WORKING DATA:
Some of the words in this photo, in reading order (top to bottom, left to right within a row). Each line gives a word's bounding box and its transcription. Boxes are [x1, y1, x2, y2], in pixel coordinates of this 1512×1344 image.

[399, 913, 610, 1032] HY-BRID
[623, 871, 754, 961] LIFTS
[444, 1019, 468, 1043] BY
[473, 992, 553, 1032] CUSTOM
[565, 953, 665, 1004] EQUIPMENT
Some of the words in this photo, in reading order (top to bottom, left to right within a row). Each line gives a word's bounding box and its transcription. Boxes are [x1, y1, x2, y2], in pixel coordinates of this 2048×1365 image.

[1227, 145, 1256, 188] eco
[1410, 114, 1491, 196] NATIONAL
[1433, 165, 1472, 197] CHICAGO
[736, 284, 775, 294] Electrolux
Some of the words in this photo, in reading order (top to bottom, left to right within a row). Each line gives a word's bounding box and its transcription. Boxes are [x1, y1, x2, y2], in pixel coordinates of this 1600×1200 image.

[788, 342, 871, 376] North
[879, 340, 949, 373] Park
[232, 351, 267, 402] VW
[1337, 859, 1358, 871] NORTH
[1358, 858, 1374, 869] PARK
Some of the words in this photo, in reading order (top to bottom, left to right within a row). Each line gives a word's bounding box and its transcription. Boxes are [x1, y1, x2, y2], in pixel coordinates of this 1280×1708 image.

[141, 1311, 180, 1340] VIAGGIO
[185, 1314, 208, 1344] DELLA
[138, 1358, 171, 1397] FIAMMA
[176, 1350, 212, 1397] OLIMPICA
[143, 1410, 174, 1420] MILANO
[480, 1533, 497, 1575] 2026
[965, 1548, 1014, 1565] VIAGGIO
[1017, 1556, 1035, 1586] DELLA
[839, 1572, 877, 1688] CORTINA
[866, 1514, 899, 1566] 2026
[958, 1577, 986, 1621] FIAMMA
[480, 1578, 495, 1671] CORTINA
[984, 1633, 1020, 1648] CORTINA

BRIEF:
All lines from the one containing "this 1600×1200 image." through the final line of the records above are to be set down exactly, and no other line is to appear.

ANSWER BOX:
Some of the words in this photo, in reading order (top to bottom, left to right within a row). Each line gives a word's bounding box and its transcription. Boxes are [x1, y1, x2, y2], in pixel coordinates of this 1600×1200 image.

[788, 342, 871, 376] North
[879, 340, 949, 373] Park
[232, 351, 267, 402] VW
[1337, 859, 1358, 871] NORTH
[1358, 858, 1374, 869] PARK
Some of the words in this photo, in reading order (top to bottom, left to right within a row). Each line gives a word's bounding box and its transcription. Boxes are [x1, y1, x2, y2], in pixel coordinates of this 1280×1708 image.

[141, 1311, 180, 1340] VIAGGIO
[185, 1314, 208, 1344] DELLA
[138, 1358, 171, 1397] FIAMMA
[176, 1350, 212, 1397] OLIMPICA
[143, 1410, 174, 1420] MILANO
[480, 1533, 497, 1575] 2026
[965, 1548, 1014, 1565] VIAGGIO
[1017, 1556, 1035, 1586] DELLA
[839, 1572, 877, 1688] CORTINA
[866, 1514, 899, 1566] 2026
[958, 1577, 986, 1621] FIAMMA
[480, 1578, 495, 1671] CORTINA
[984, 1633, 1020, 1648] CORTINA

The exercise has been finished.